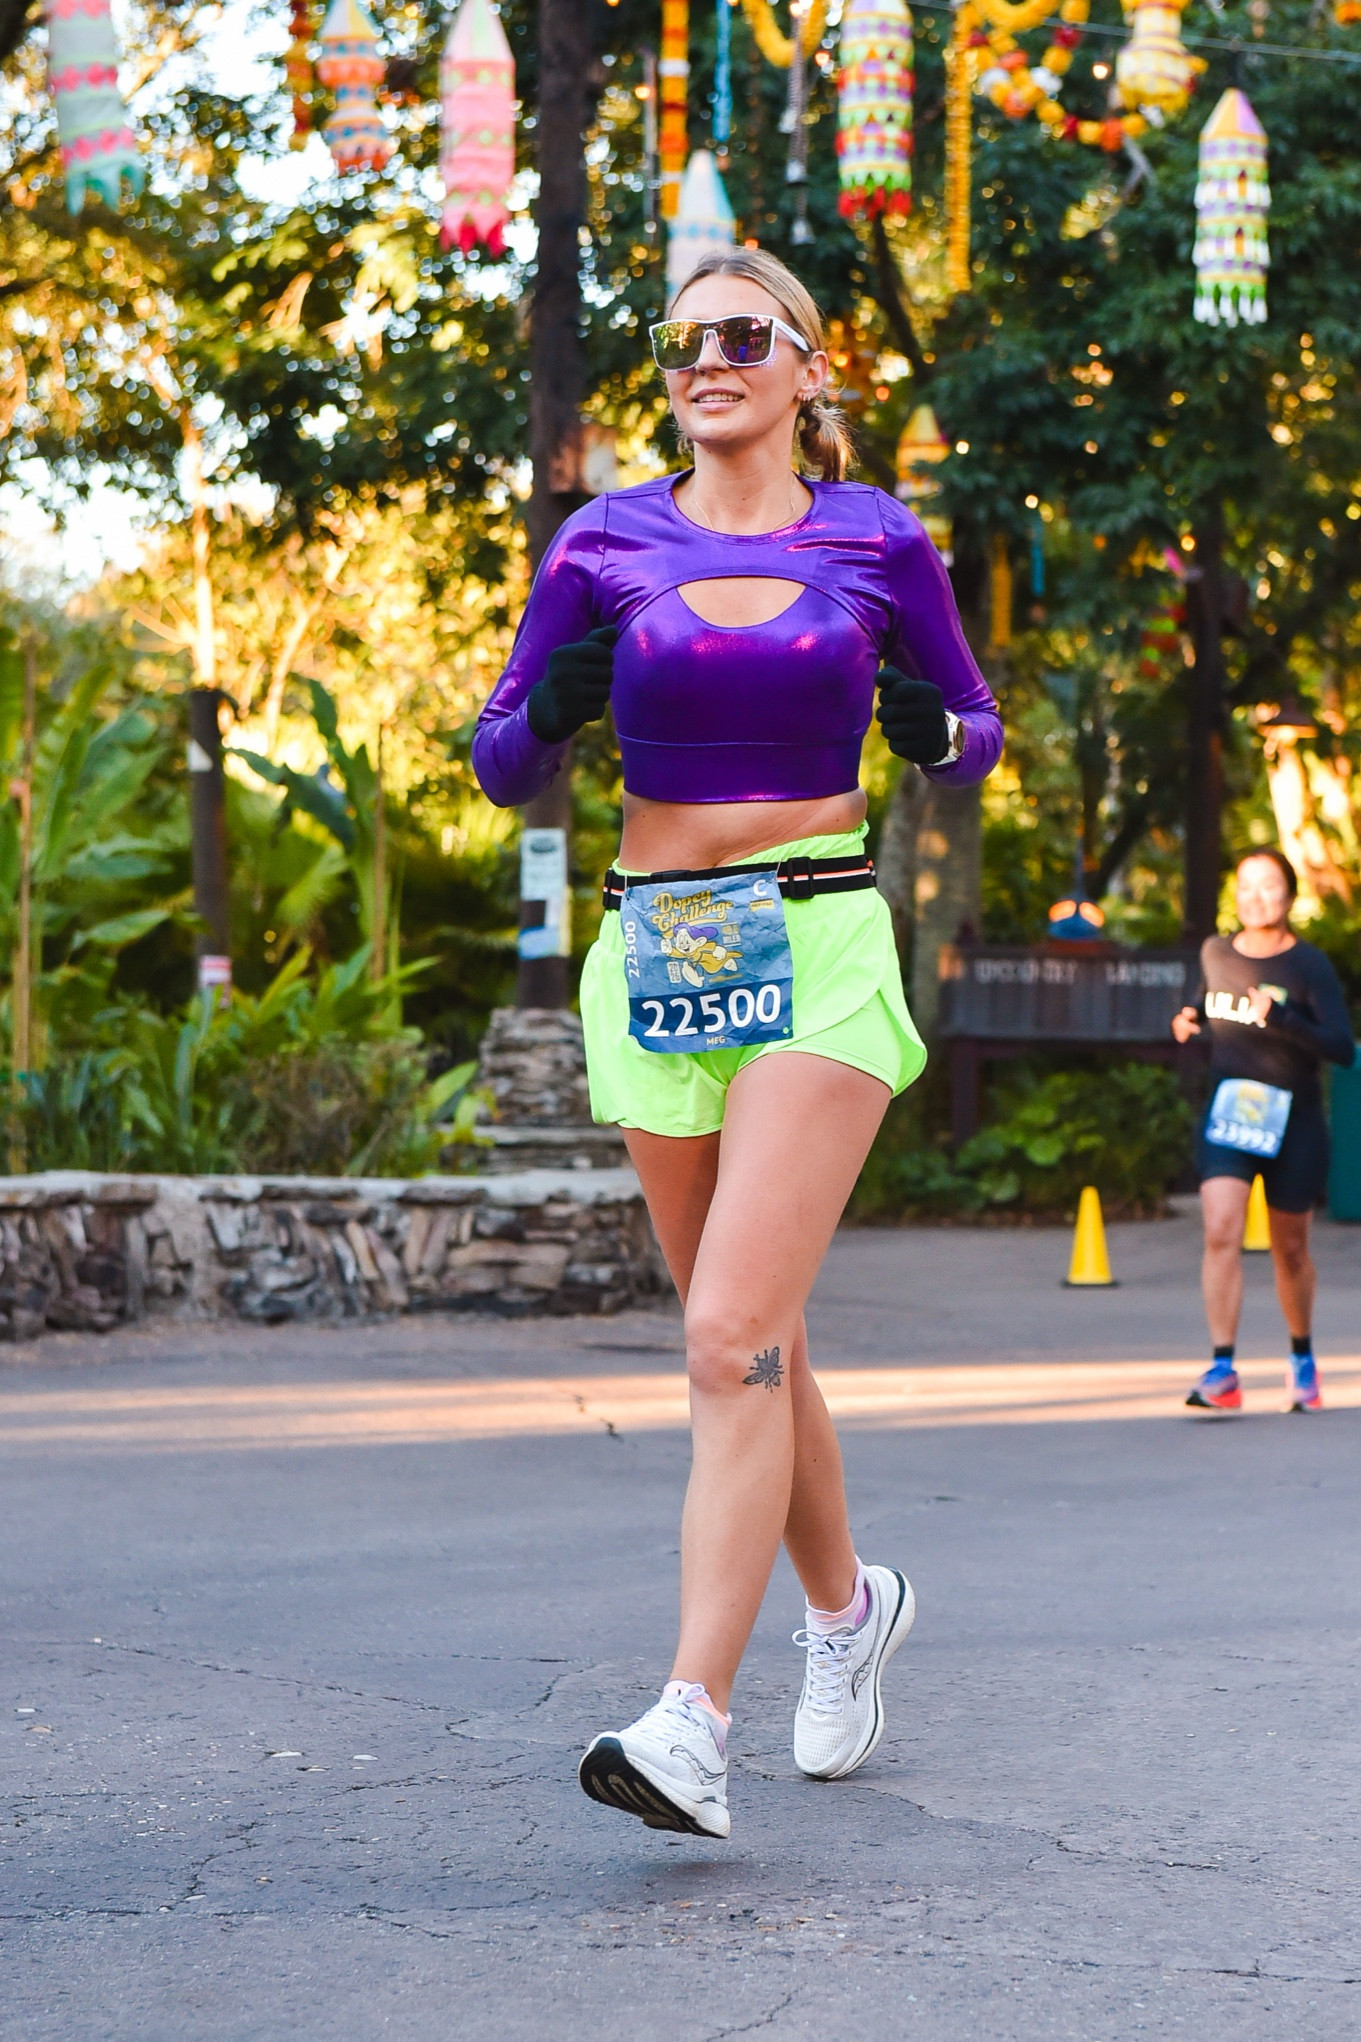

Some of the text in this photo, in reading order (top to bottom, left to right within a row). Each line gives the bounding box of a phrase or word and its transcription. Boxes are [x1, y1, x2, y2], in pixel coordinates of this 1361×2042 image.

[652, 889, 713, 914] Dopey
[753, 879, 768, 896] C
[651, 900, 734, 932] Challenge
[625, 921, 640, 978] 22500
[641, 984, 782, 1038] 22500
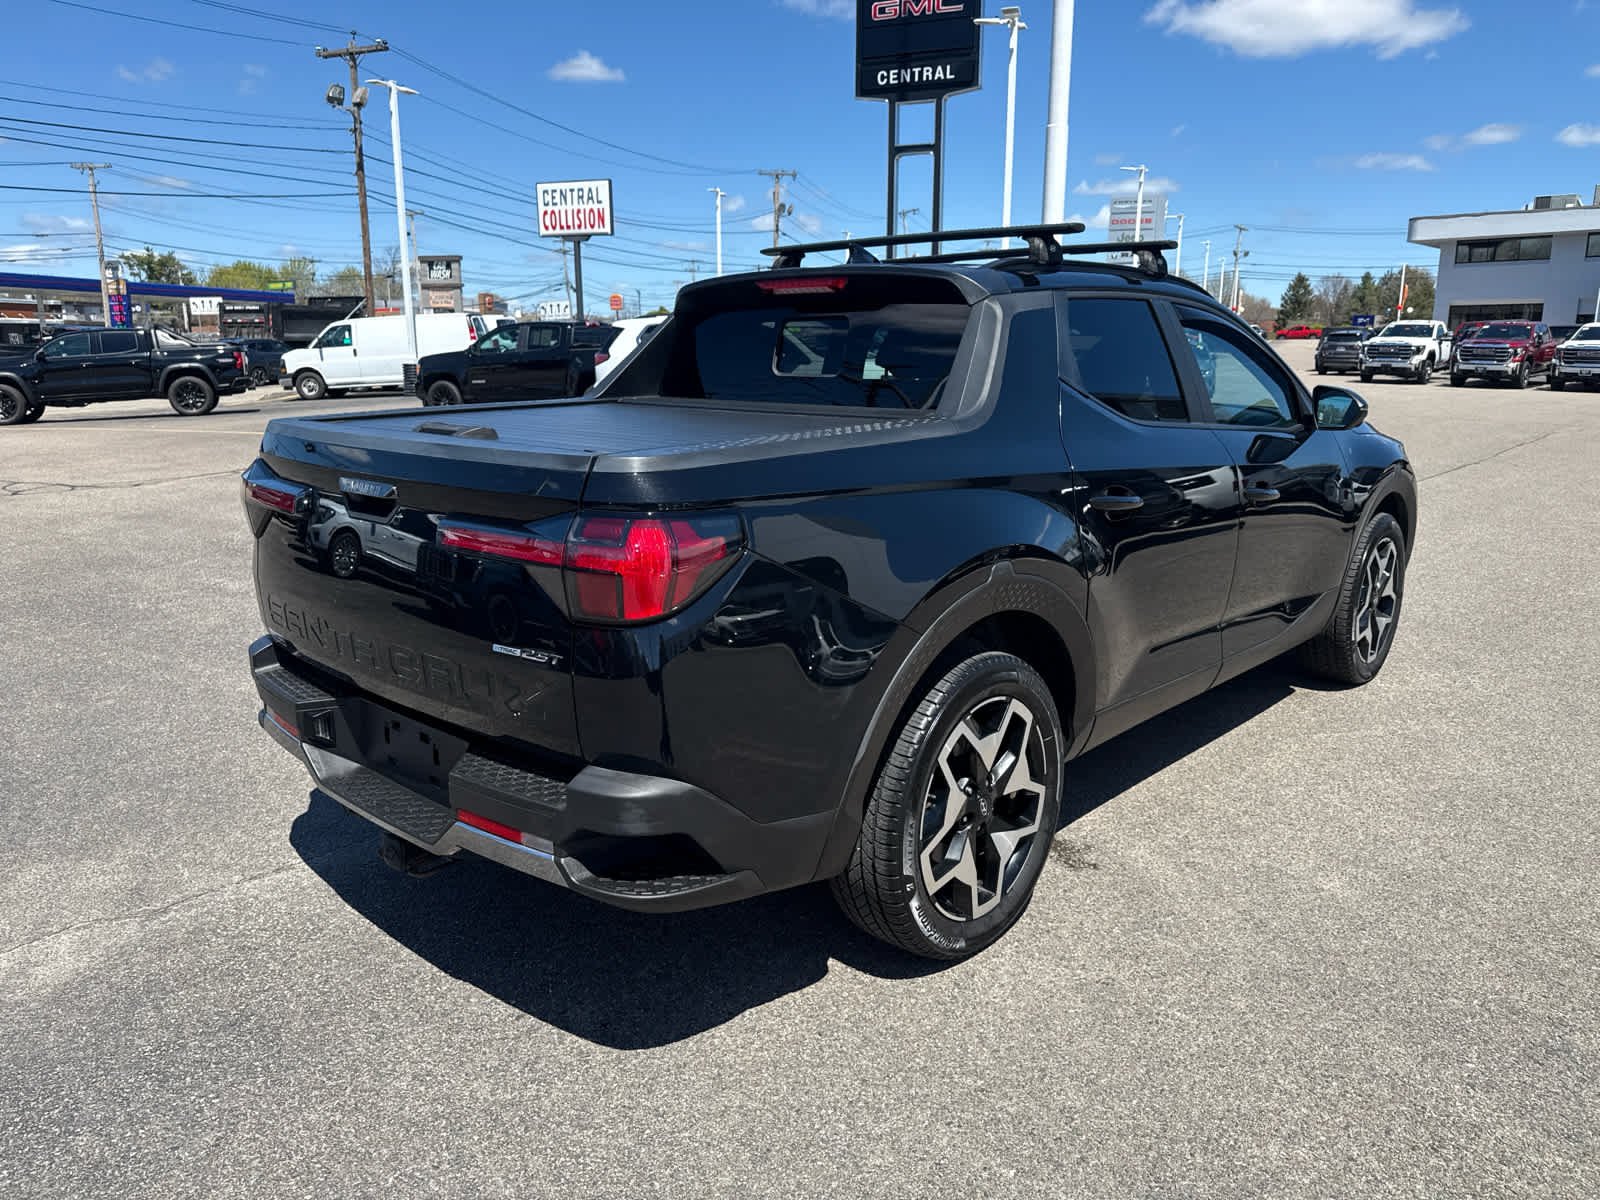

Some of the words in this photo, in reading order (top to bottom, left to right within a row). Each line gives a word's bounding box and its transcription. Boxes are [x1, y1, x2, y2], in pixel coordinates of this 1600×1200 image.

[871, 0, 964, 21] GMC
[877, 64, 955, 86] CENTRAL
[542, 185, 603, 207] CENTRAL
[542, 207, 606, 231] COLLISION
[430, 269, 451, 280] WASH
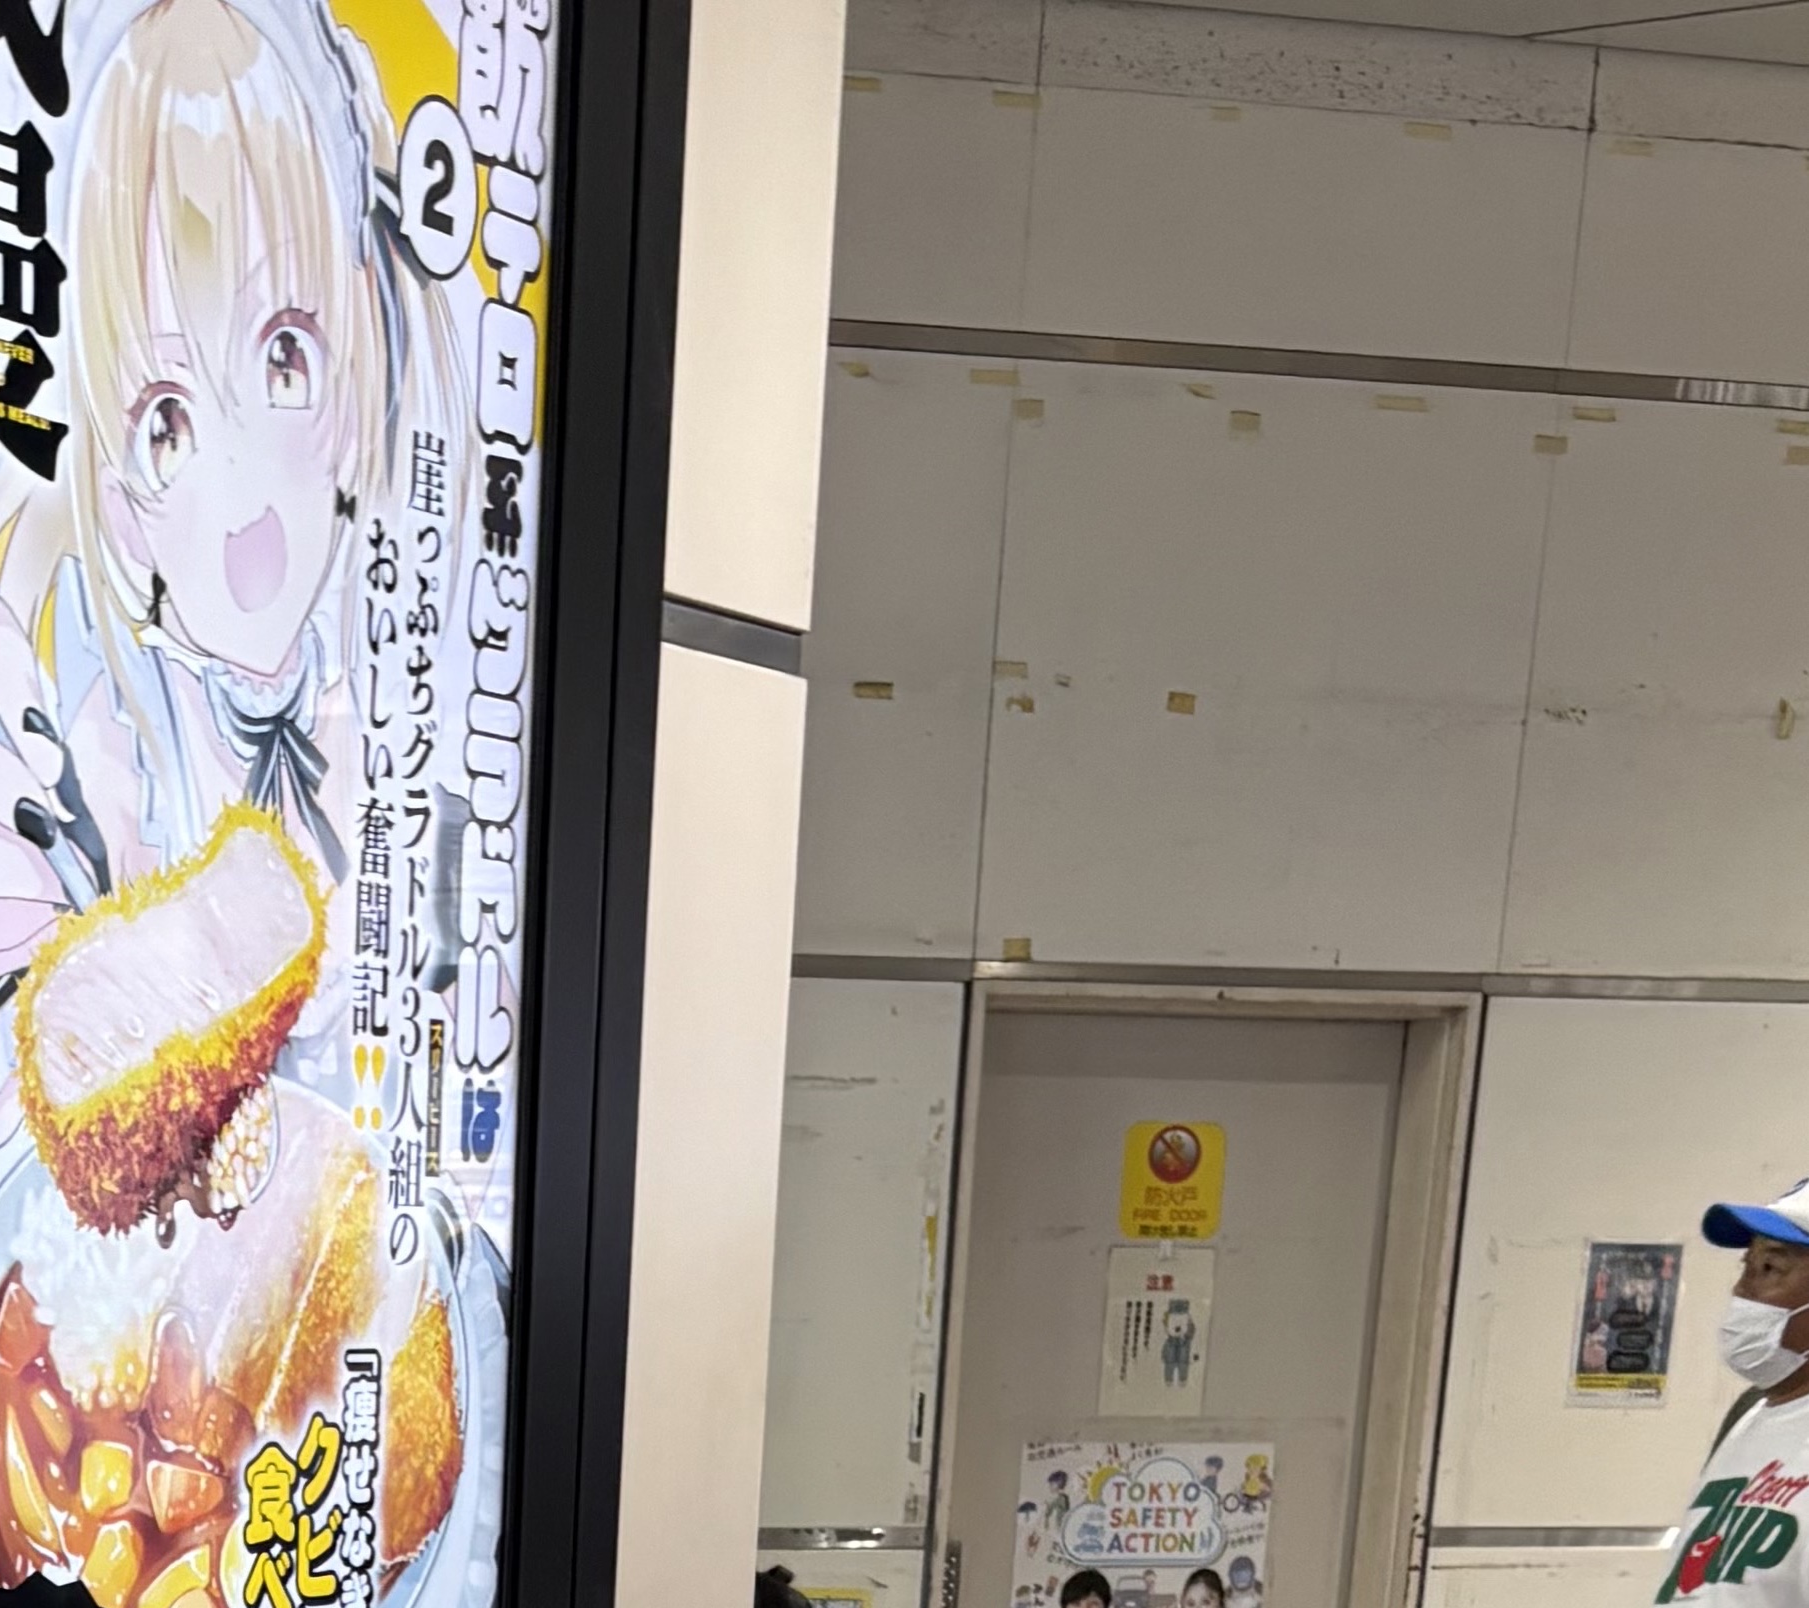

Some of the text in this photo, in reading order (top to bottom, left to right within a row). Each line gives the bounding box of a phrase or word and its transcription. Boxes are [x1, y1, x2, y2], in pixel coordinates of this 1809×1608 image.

The problem
Reproduce the data word for word; no pictures.

Exercise answer
Some of the text in this photo, in reading order (top to bottom, left to right within a row). Each line gives the bounding box of a phrase or word and its transcription. Boxes are [x1, y1, x2, y2], in pixel coordinates of this 1361×2042 image.

[652, 889, 713, 914] Dopey
[753, 879, 768, 896] C
[651, 900, 734, 932] Challenge
[625, 921, 640, 978] 22500
[641, 984, 782, 1038] 22500

Some of the words in this photo, in reading order (top to bottom, left to right within a row). Each line gives a word's bounding box and its transcription. Boxes are [x1, y1, x2, y2], in pixel coordinates of this 1600×1200 image.

[871, 0, 964, 21] GMC
[877, 64, 955, 86] CENTRAL
[542, 185, 603, 207] CENTRAL
[542, 207, 606, 231] COLLISION
[430, 269, 451, 280] WASH

Some of the text in this photo, in reading order (top to bottom, left to right within a row). Each line gives the bounding box of a phrase or word and its transcription. Boxes are [x1, y1, x2, y2], in pixel coordinates of this 1809×1608 image.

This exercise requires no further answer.